--- Assignment ---
Could you please repeat the entries below word for word, with the images left out?
..........
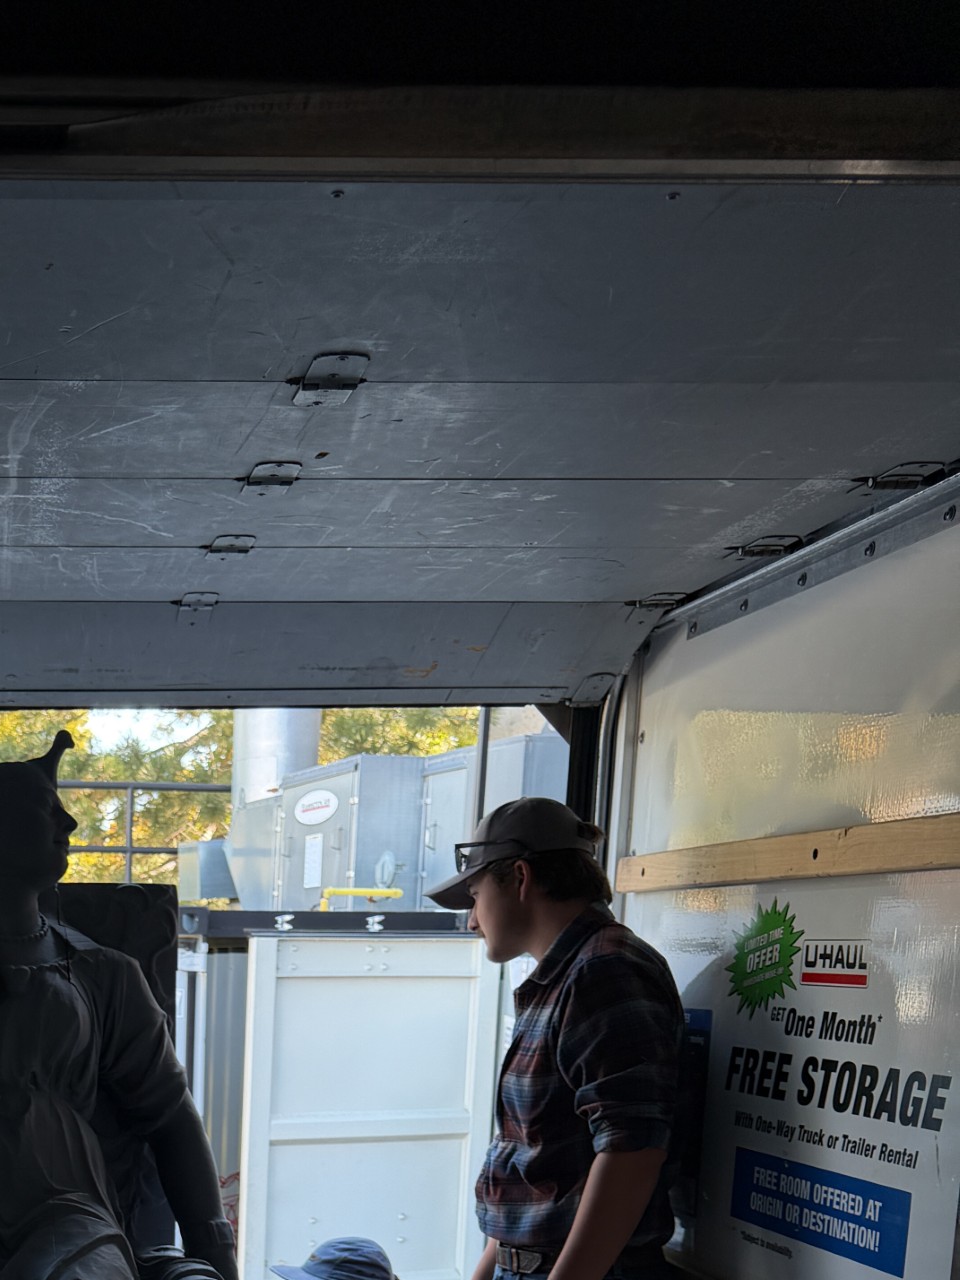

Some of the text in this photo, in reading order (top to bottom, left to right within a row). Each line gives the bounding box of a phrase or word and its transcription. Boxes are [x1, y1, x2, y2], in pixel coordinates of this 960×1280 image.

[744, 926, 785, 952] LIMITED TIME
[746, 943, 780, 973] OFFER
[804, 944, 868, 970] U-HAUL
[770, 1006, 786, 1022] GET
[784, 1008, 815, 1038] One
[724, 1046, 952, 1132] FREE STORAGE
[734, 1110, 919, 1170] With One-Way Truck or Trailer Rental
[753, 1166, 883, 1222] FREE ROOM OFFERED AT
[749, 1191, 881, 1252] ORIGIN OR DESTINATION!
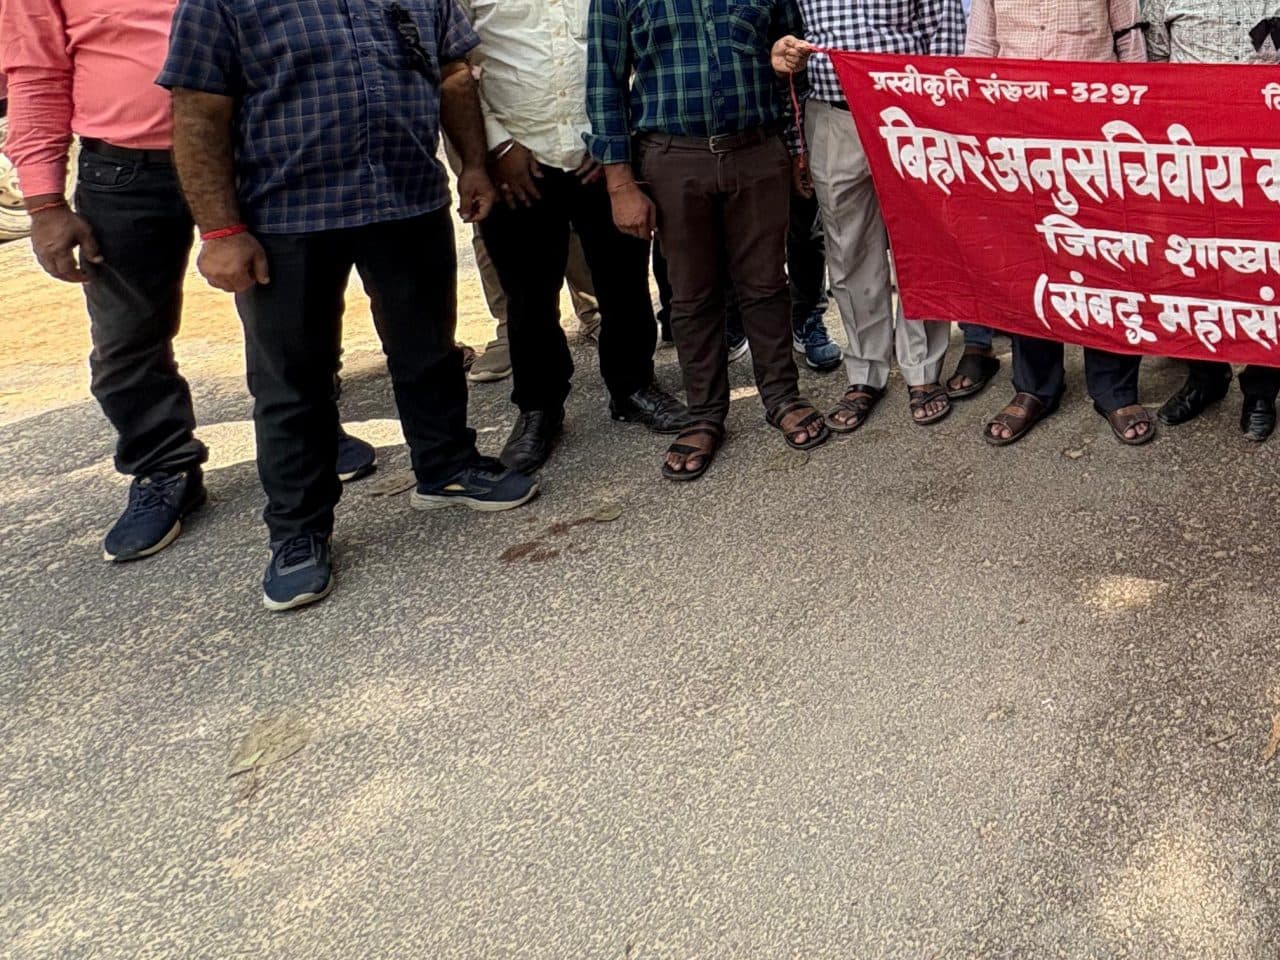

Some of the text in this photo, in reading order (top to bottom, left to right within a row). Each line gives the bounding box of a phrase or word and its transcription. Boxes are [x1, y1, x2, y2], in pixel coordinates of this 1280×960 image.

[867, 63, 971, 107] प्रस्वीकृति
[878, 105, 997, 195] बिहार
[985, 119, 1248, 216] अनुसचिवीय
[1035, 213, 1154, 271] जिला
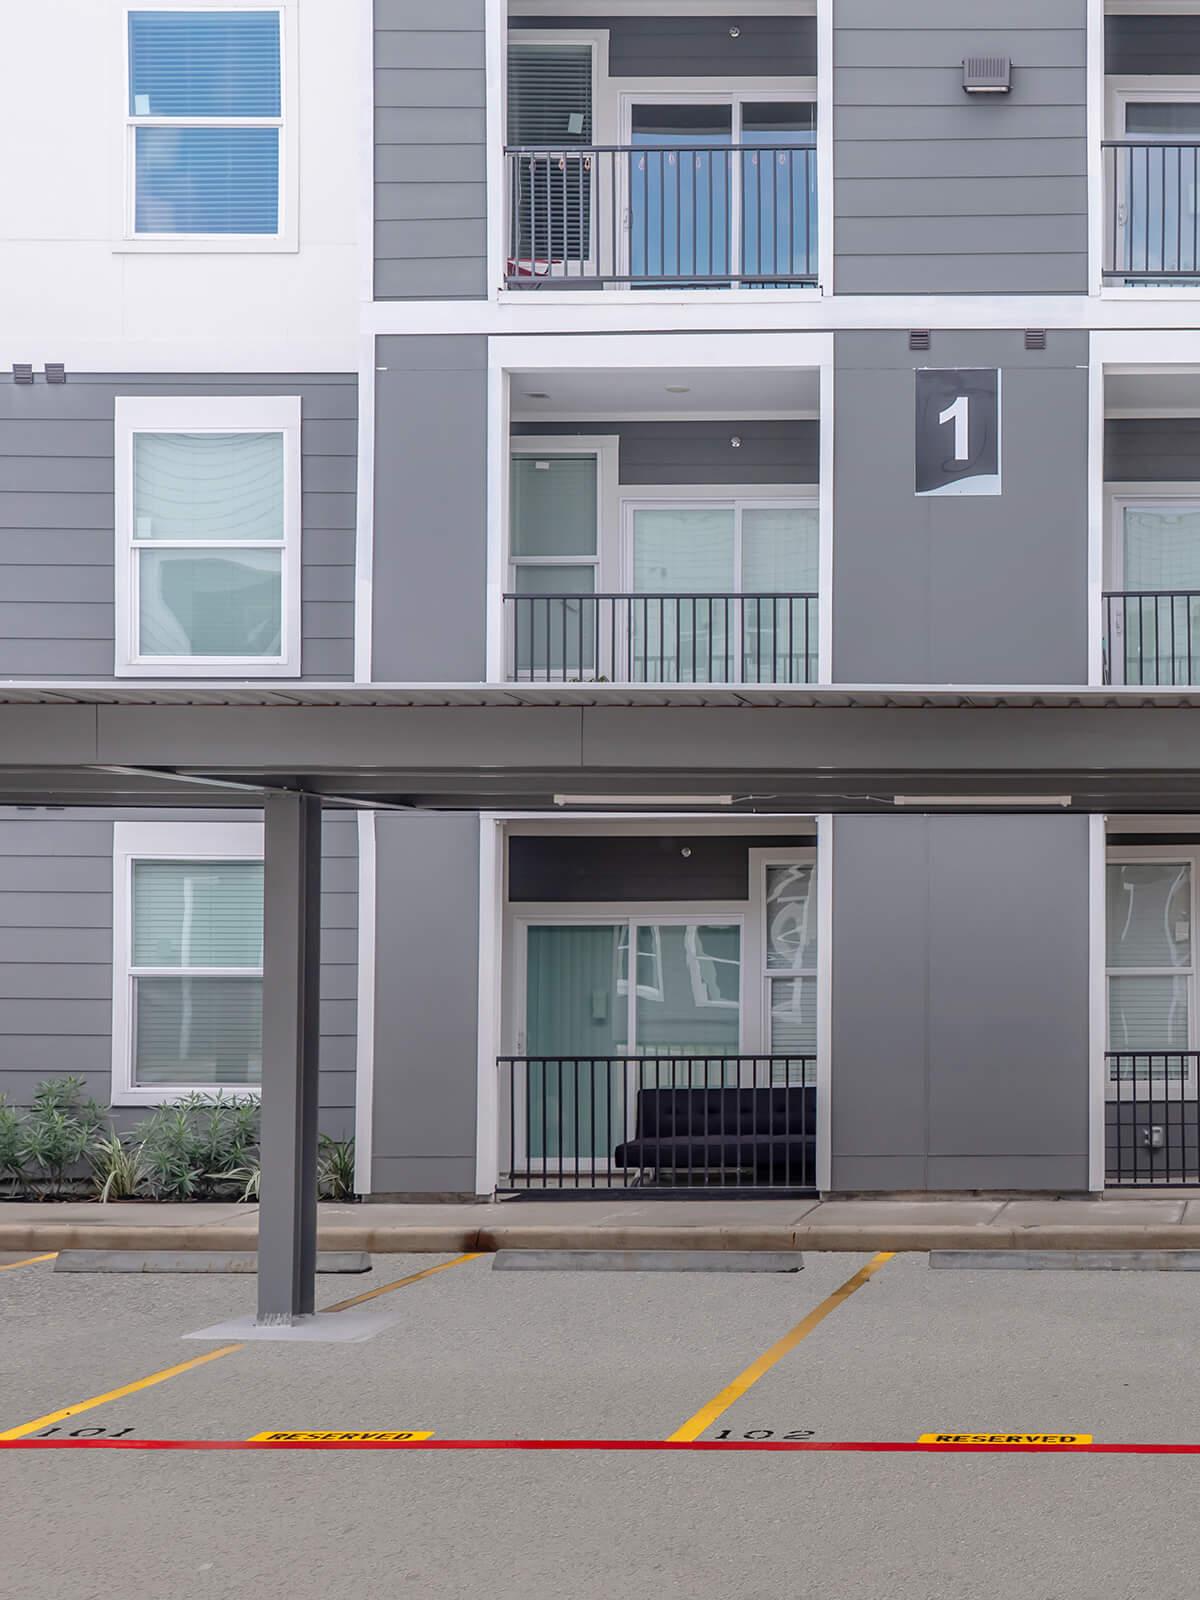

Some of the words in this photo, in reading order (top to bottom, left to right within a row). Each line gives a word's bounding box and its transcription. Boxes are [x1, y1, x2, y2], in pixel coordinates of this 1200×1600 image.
..........
--- Reply to the exercise ---
Some of the text in this photo, in reading order (top to bottom, left to right within a row). Each line gives the bounding box of a phrase or word and its transcription. Boxes are [x1, y1, x2, y2], in pixel coordinates of this 960×1280 image.

[744, 926, 785, 952] LIMITED TIME
[746, 943, 780, 973] OFFER
[804, 944, 868, 970] U-HAUL
[770, 1006, 786, 1022] GET
[784, 1008, 815, 1038] One
[724, 1046, 952, 1132] FREE STORAGE
[734, 1110, 919, 1170] With One-Way Truck or Trailer Rental
[753, 1166, 883, 1222] FREE ROOM OFFERED AT
[749, 1191, 881, 1252] ORIGIN OR DESTINATION!

Some of the text in this photo, in reading order (top to bottom, left to right within a row). Each line gives the bounding box of a phrase or word and its transcription. Boxes are [x1, y1, x2, y2], in pixel coordinates of this 1280×960 image.

[867, 63, 971, 107] प्रस्वीकृति
[878, 105, 997, 195] बिहार
[985, 119, 1248, 216] अनुसचिवीय
[1035, 213, 1154, 271] जिला

Some of the words in this photo, in reading order (top to bottom, left to right within a row). Each line gives a word's bounding box and its transcription. Boxes are [x1, y1, x2, y2], in pixel coordinates of this 1200×1600 image.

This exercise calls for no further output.